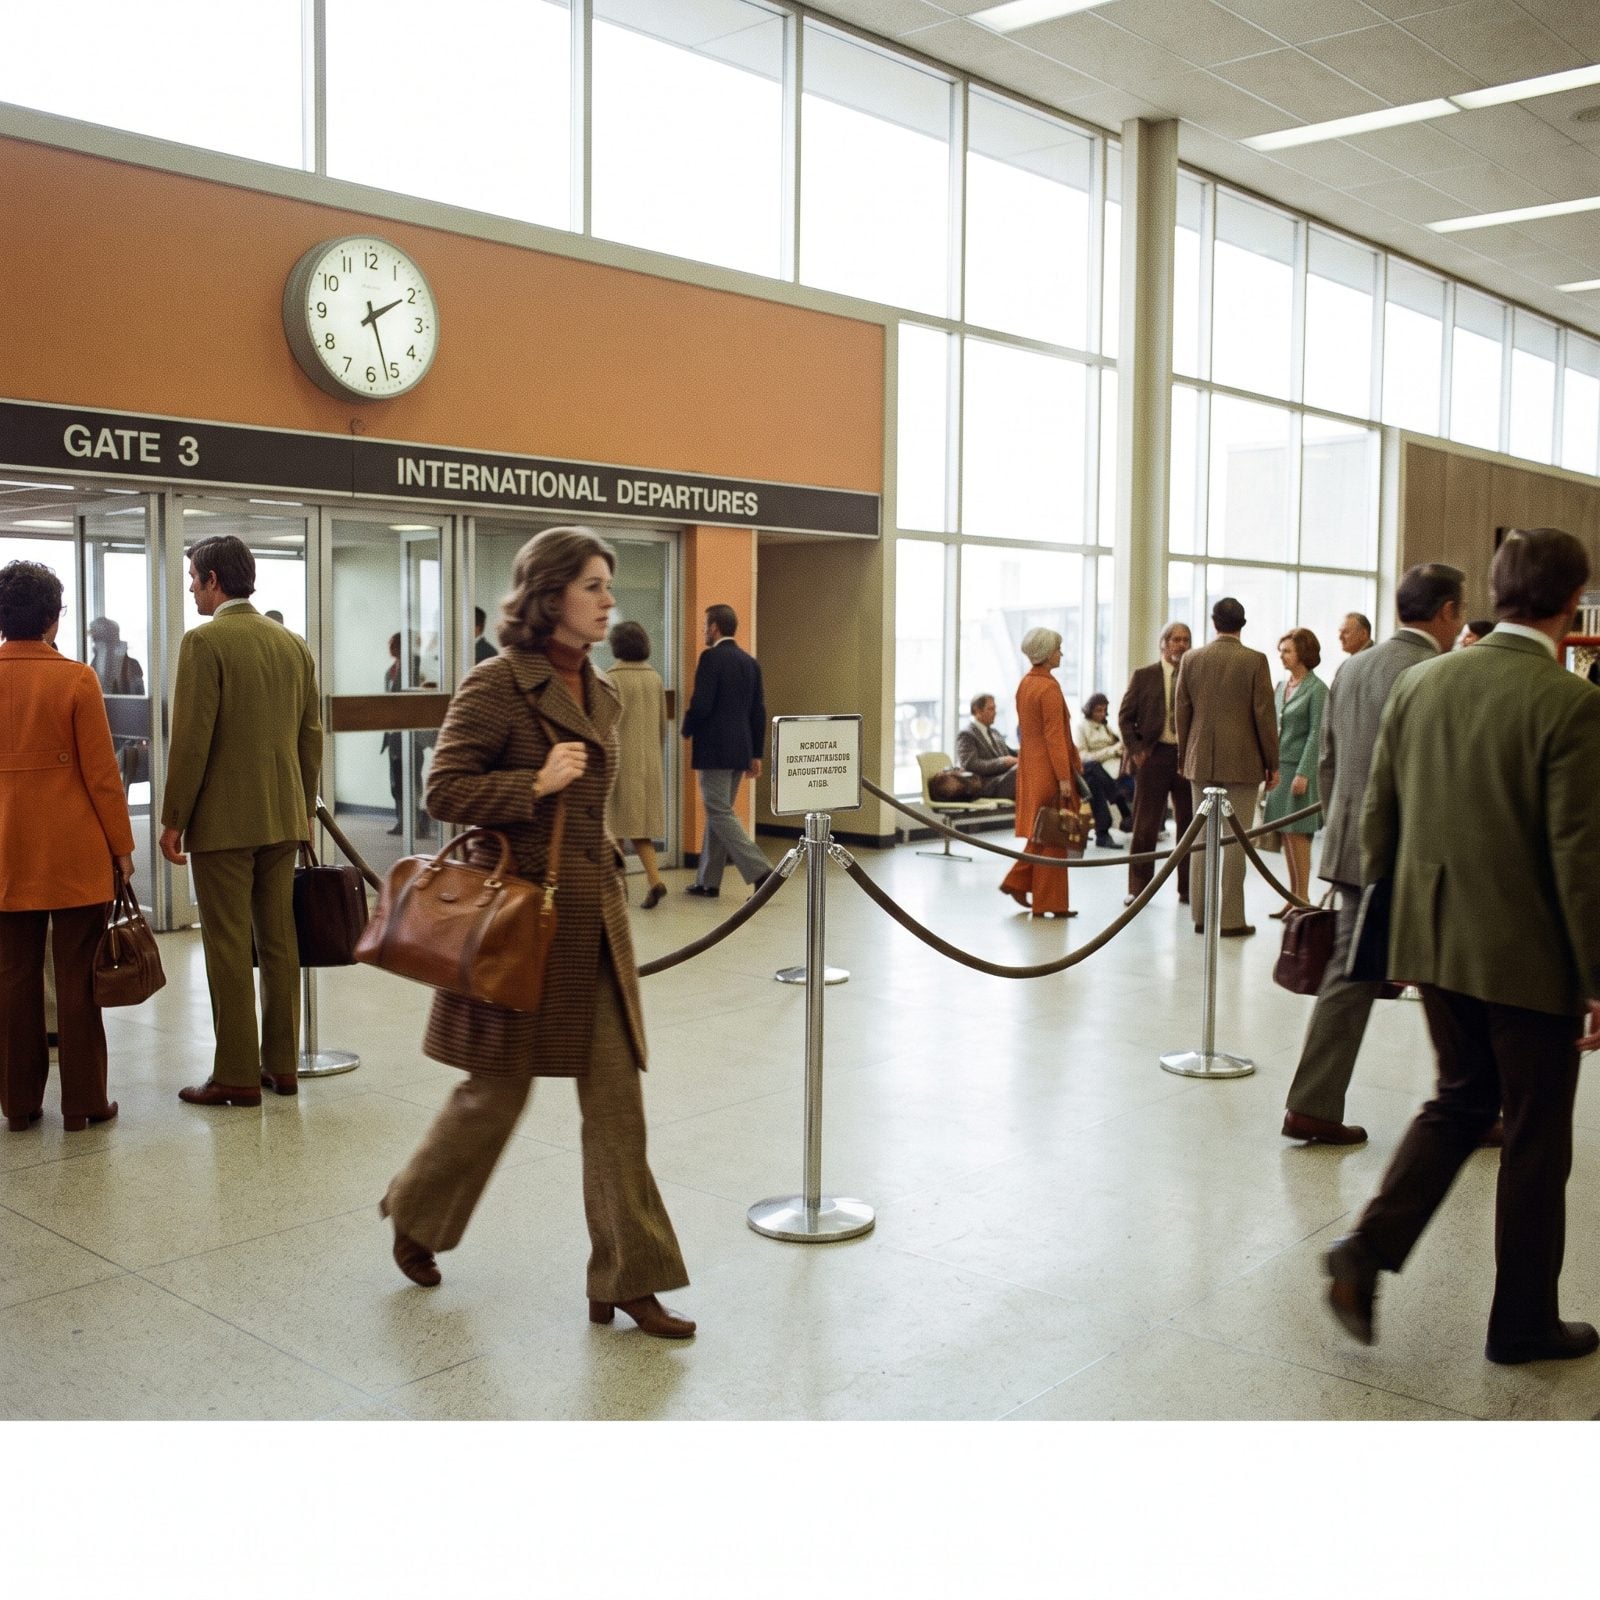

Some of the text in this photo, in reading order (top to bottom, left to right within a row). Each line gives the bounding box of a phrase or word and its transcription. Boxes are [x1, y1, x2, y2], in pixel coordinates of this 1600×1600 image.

[342, 256, 352, 273] 11
[364, 252, 378, 270] 12
[323, 273, 339, 292] 10
[407, 287, 416, 305] 2
[316, 301, 328, 319] 9
[414, 317, 423, 334] 3
[324, 332, 336, 350] 8
[406, 344, 416, 360] 4
[342, 356, 352, 373] 7
[390, 362, 400, 379] 5
[365, 366, 376, 383] 6
[63, 424, 200, 467] GATE 3
[397, 457, 759, 517] INTERNATIONAL DEPARTURES
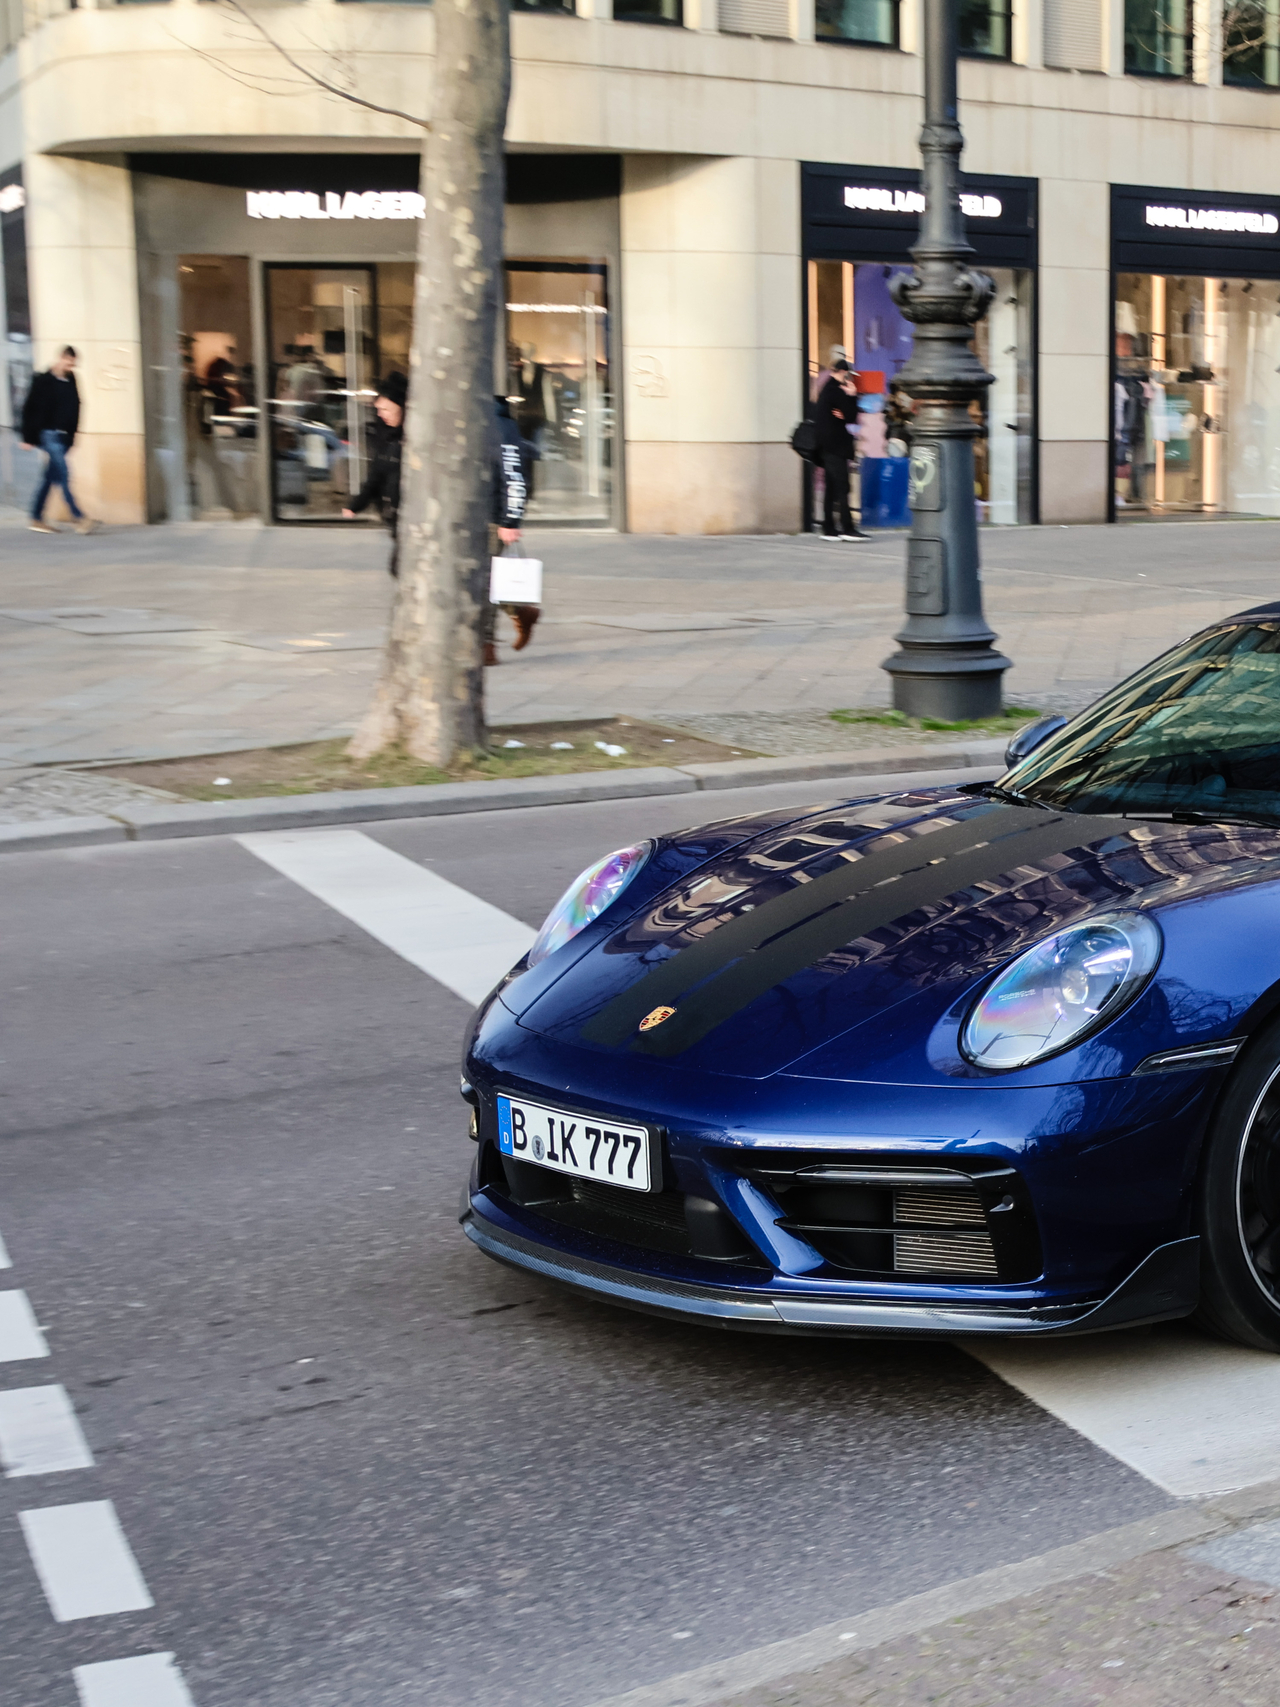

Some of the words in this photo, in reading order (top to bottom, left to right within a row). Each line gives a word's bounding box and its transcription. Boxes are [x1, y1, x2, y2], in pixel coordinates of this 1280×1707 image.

[1146, 206, 1190, 229] KARL
[1188, 209, 1279, 233] LAGERFELD
[500, 443, 526, 519] HILFIGER
[503, 1131, 509, 1144] D
[511, 1107, 528, 1151] B
[547, 1117, 579, 1168] IK
[585, 1126, 641, 1179] 777
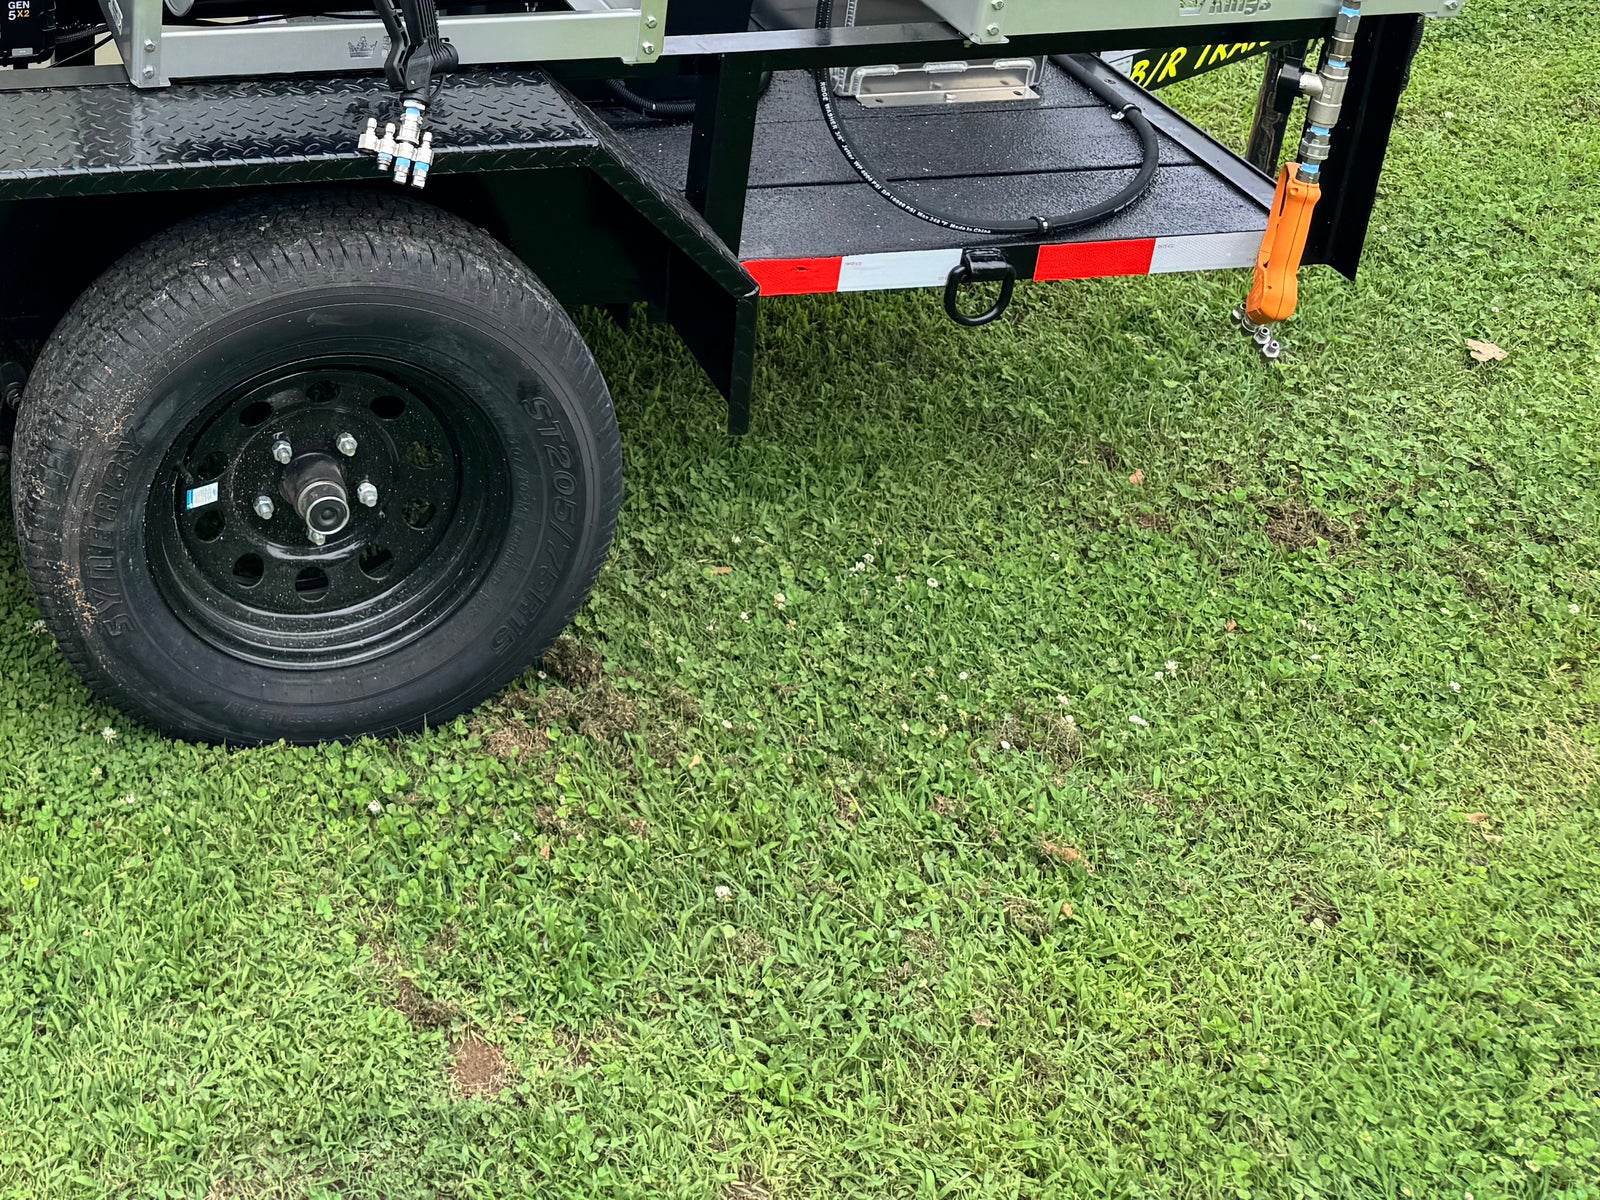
-=-=-=-=-
WORK INSTRUCTION » Copy everything in the listing above exactly except the pictures.

WORKED SOLUTION »
Some of the text in this photo, in reading order (top to bottom, left to right within a row). Each line gives the bounding box of a phrase or word and its transcription. Boxes are [x1, y1, x2, y2], in pixel coordinates of this 1600×1600 image.

[342, 256, 352, 273] 11
[364, 252, 378, 270] 12
[323, 273, 339, 292] 10
[407, 287, 416, 305] 2
[316, 301, 328, 319] 9
[414, 317, 423, 334] 3
[324, 332, 336, 350] 8
[406, 344, 416, 360] 4
[342, 356, 352, 373] 7
[390, 362, 400, 379] 5
[365, 366, 376, 383] 6
[63, 424, 200, 467] GATE 3
[397, 457, 759, 517] INTERNATIONAL DEPARTURES

Some of the words in this photo, in reading order (top to bottom, left to right within a row). Each line gives a word's bounding box and its transcription. Boxes are [x1, y1, x2, y2], in pixel coordinates of this 1280×1707 image.

[1146, 206, 1190, 229] KARL
[1188, 209, 1279, 233] LAGERFELD
[500, 443, 526, 519] HILFIGER
[503, 1131, 509, 1144] D
[511, 1107, 528, 1151] B
[547, 1117, 579, 1168] IK
[585, 1126, 641, 1179] 777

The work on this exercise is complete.